===== TASK MATERIAL
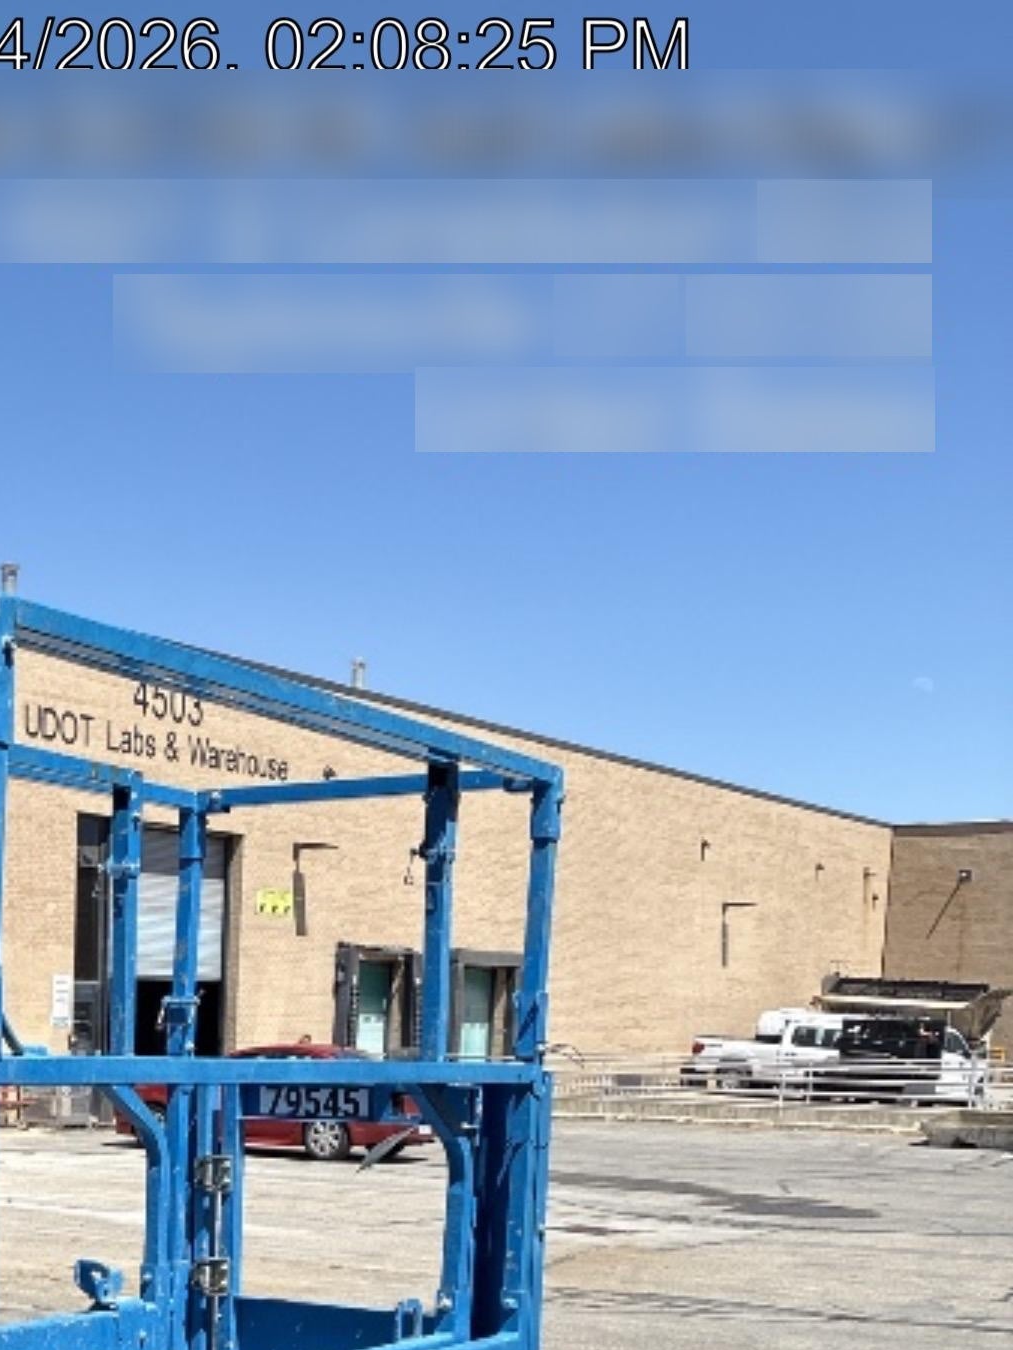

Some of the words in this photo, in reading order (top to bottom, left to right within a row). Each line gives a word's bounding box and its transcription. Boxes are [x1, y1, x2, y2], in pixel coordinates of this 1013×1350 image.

[133, 682, 204, 727] 4503
[25, 703, 95, 746] UDOT
[107, 719, 156, 759] Labs
[164, 731, 179, 762] &
[187, 734, 289, 781] Warehouse
==========
Transcribe the preceding listing in its entirety and with exact wording, leaving out pictures.

▸ OUTPUT OF THE TASK
Some of the words in this photo, in reading order (top to bottom, left to right within a row). Each line gives a word's bounding box and its transcription. Boxes are [x1, y1, x2, y2], in pixel coordinates of this 1013×1350 image.

[133, 682, 204, 727] 4503
[25, 703, 95, 746] UDOT
[107, 719, 156, 759] Labs
[164, 731, 179, 762] &
[187, 734, 289, 781] Warehouse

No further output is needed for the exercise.